Killbreath shook his tablet one final time in my dad’s direction and turned away. I cut ahead of the next person in line and grabbed the microphone. The man behind me harrumphed.
I popped the mike from its holder, stepped into the aisle, and froze. Everybody was staring at me. Out of the corner of my eye, I saw Frankie nodding encouragement. I took a deep breath, squared my shoulders, and said, “Hello! My name… is Ambrose Brody. Most of my friends call me Bro. A few call me Rose. I’m the son of Hannibal Brody—and I am a cross-time dresser!” I pulled the bonnet from my head and waved it in the air like a Fourth of July flag.
My father jumped to his feet the moment he heard my voice. He stood watching me with a look that I was pretty sure was
pride. A woman sitting in the front row, in the seat closest to my dad, had also stood and looked my way.
My mom!
She was sitting with my aunt Maya.
“I don’t dress this way often,” I continued, “but over the past day or so I felt I needed to, just as my dad feels the need to, more often than that.” I lifted one corner of my apron. “I think it’s perfectly comfortable. I think it’s perfectly all right! I didn’t always think so, but now that I’ve swallowed an eraser, I know I can correct my mistakes!”
I ran down the aisle to where my mom was standing, turned my back to McNamara and the school board, gripped her hand briefly, and addressed the crowd.
“Yes! My father has a woolly mammoth caveman robe, but it’s not real woolly mammoth fur. It’s not animal fur at all. No woolly mammoths were hurt in the making of that robe. And that’s the thing. What my father does doesn’t hurt anybody, or anything. It just makes some of you uncomfortable. Because it’s different. Because it’s out of the ordinary. There was a time in this country when we enslaved people because they were different. Because they were extraordinary. That’s all the justification we needed. We thought they were different. If we start thinking that way again, if we start fearing people who are different, where will it end? Mr. McNamara”—I spun and faced him—“what if you could be arrested for wearing a kilt?”
“That’s different!” he sputtered. “I only wear it for parades and assemblies!”

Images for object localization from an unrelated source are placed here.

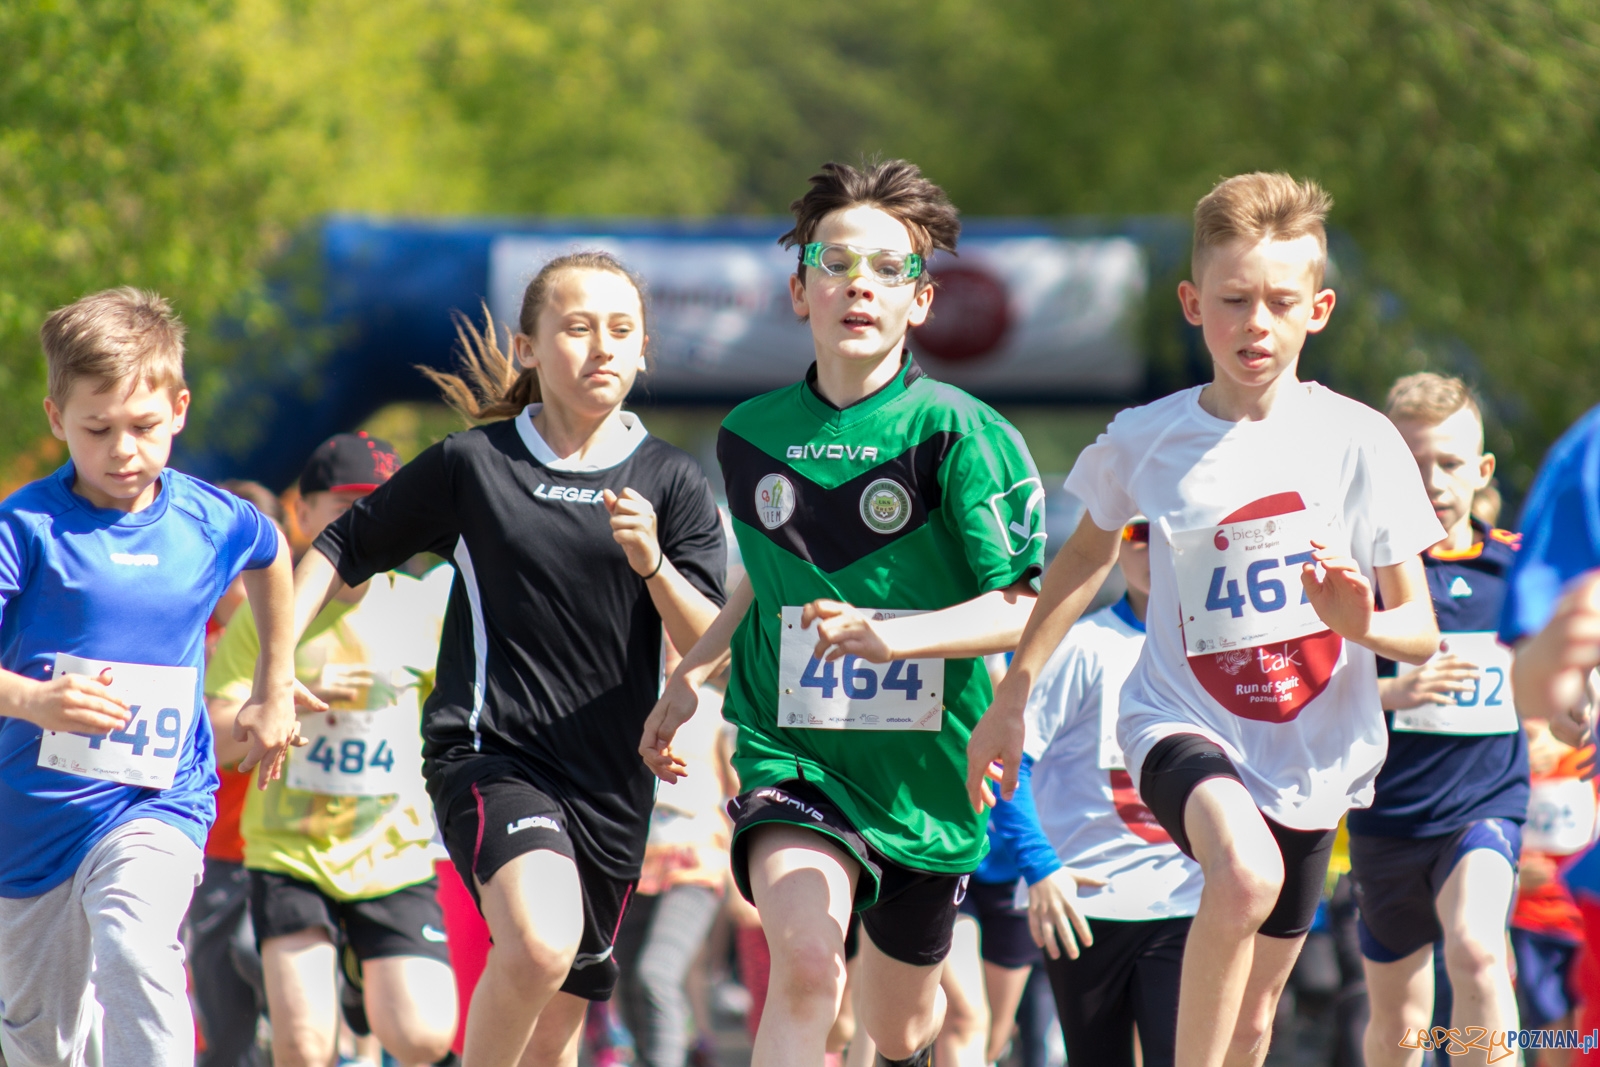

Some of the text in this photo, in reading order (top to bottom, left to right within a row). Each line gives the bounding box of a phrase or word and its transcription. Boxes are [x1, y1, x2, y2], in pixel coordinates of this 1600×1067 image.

[786, 445, 878, 461] GIVOVA
[1232, 526, 1265, 544] bieg
[1205, 549, 1318, 618] 467
[1257, 643, 1302, 673] tak
[799, 652, 923, 701] 464
[1236, 676, 1299, 695] Run of Spirit
[307, 735, 394, 774] 484
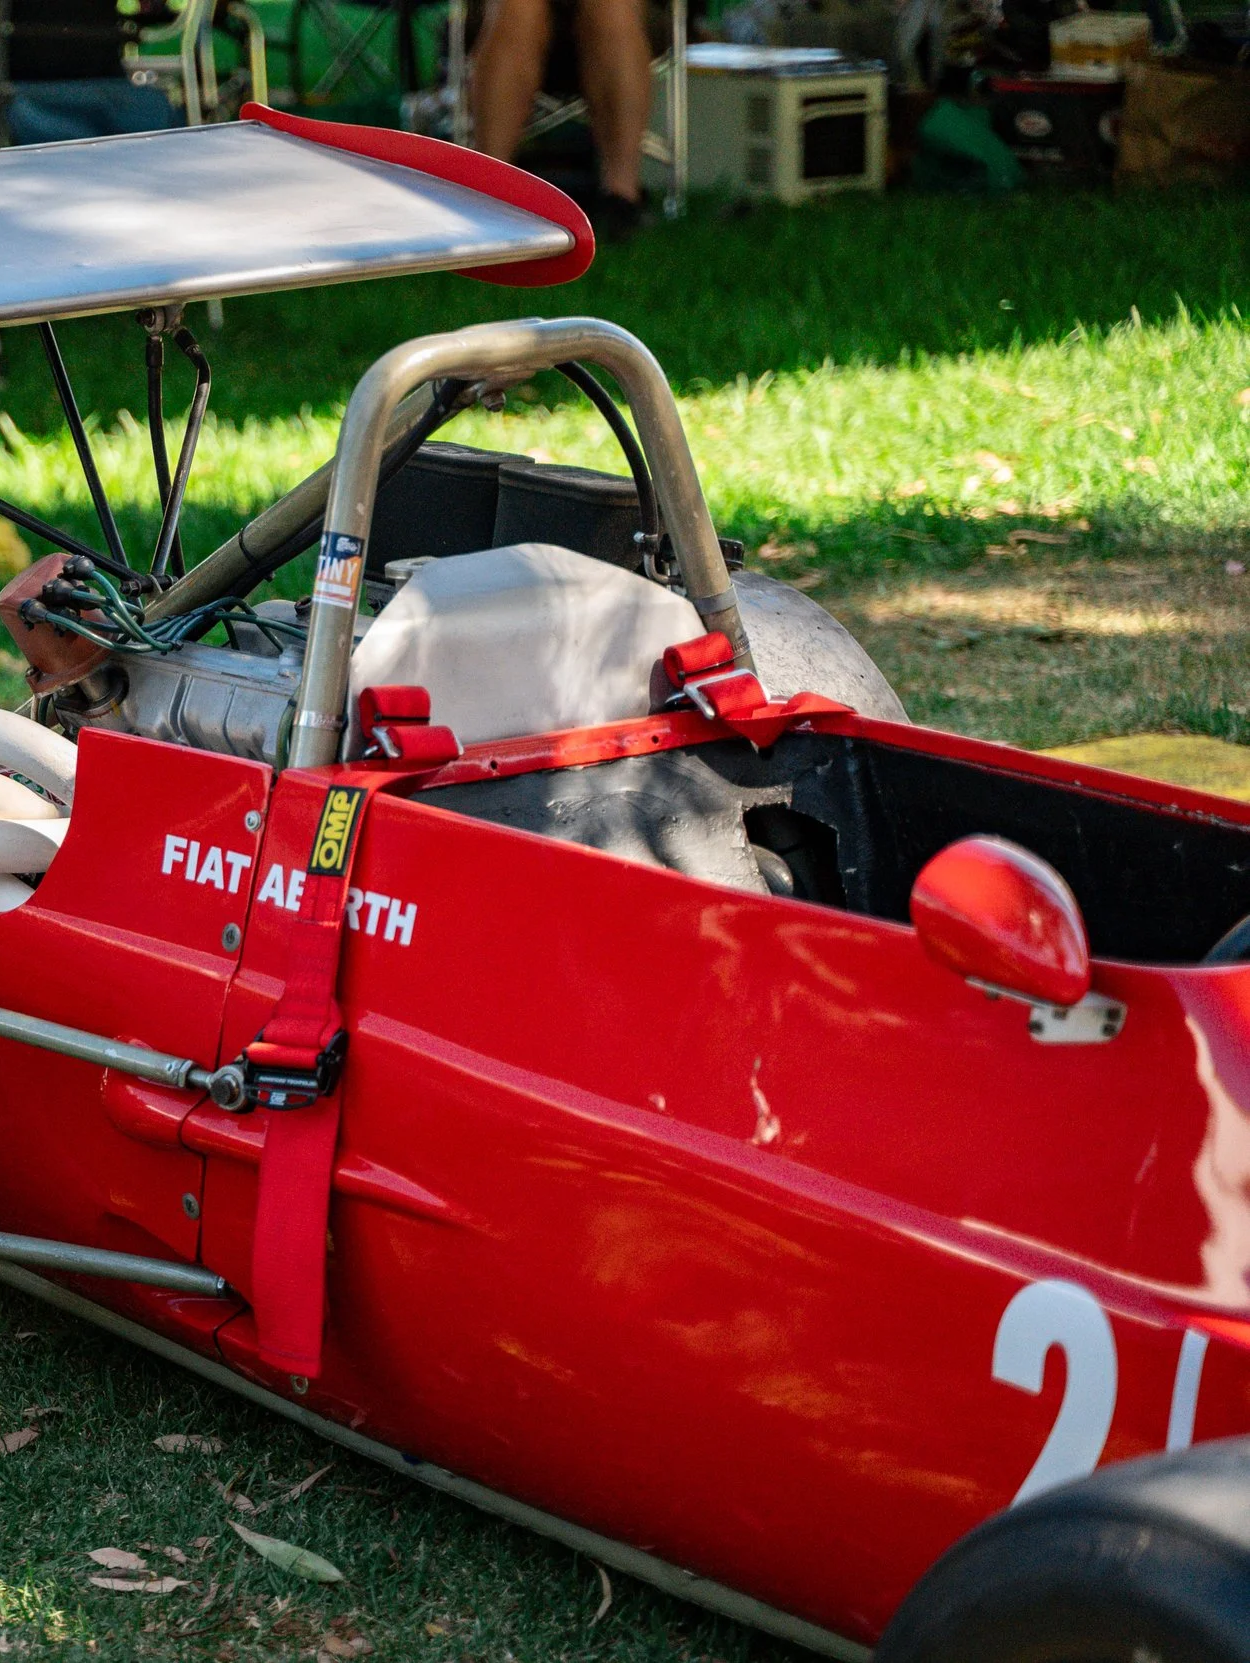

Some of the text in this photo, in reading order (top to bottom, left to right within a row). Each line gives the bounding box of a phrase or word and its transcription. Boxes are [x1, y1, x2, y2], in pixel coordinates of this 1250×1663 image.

[317, 790, 352, 868] OMP
[161, 834, 418, 947] FIAT ABRTH
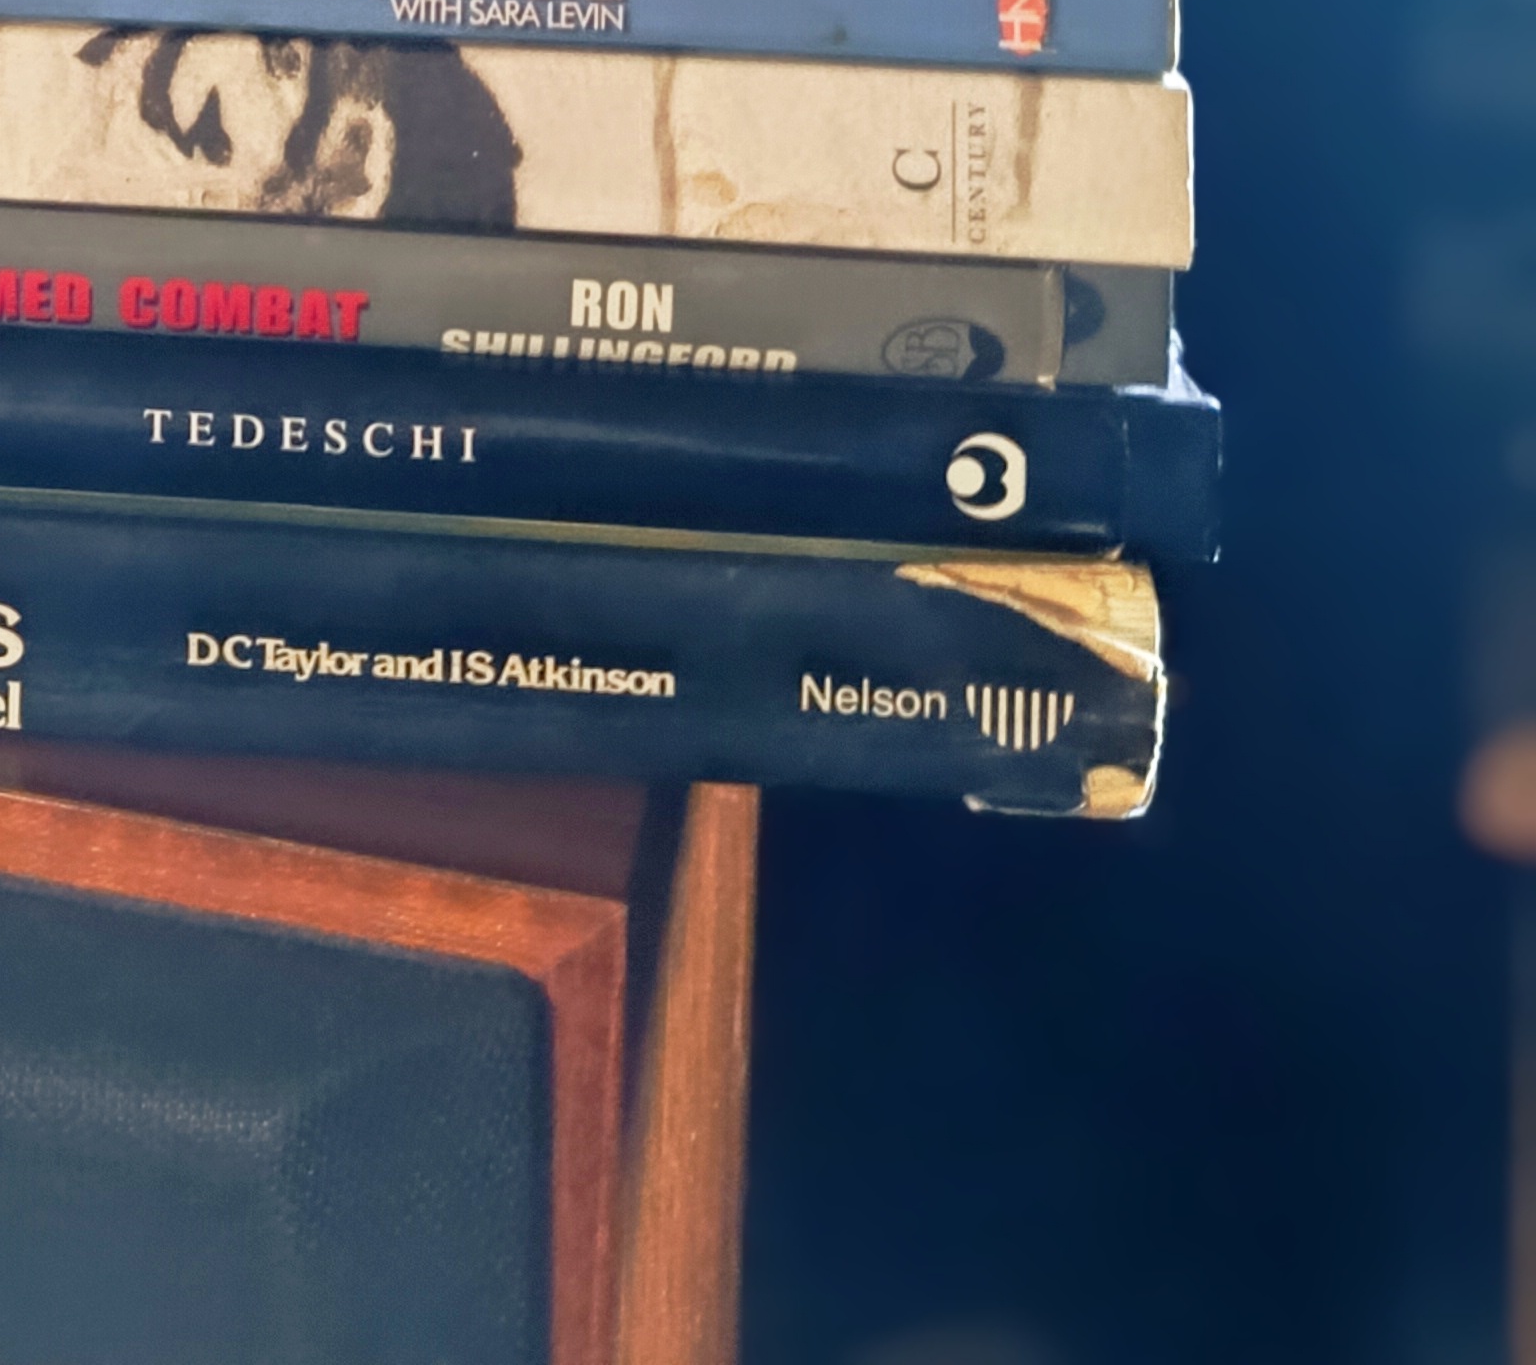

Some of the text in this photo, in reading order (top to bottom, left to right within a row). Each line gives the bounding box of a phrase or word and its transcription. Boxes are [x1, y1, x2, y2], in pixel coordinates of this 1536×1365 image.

“And Angus McOffal’s birthday,” I reminded him. “But if you start persecuting cross-time dressers, don’t be surprised if you’re next! Then it’s anybody who isn’t wearing the newest fashions, and then it’s anybody who isn’t wearing fashions approved by the state. There goes your turban, Mr. Singh; there goes your sari, Ms. Patil.” I pointed out people I knew in the audience. “There goes whatever that is hanging off your earlobe, Mr. Curtis!”
“It’s a small working glockenspiel,” he called back, nodding his head and softly chiming. Mr. Curtis ran Freedom Falls’ only coffeehouse. “My sister designs jewelry. I’m here tonight to support your dad, you know. I think quite a few of us are!”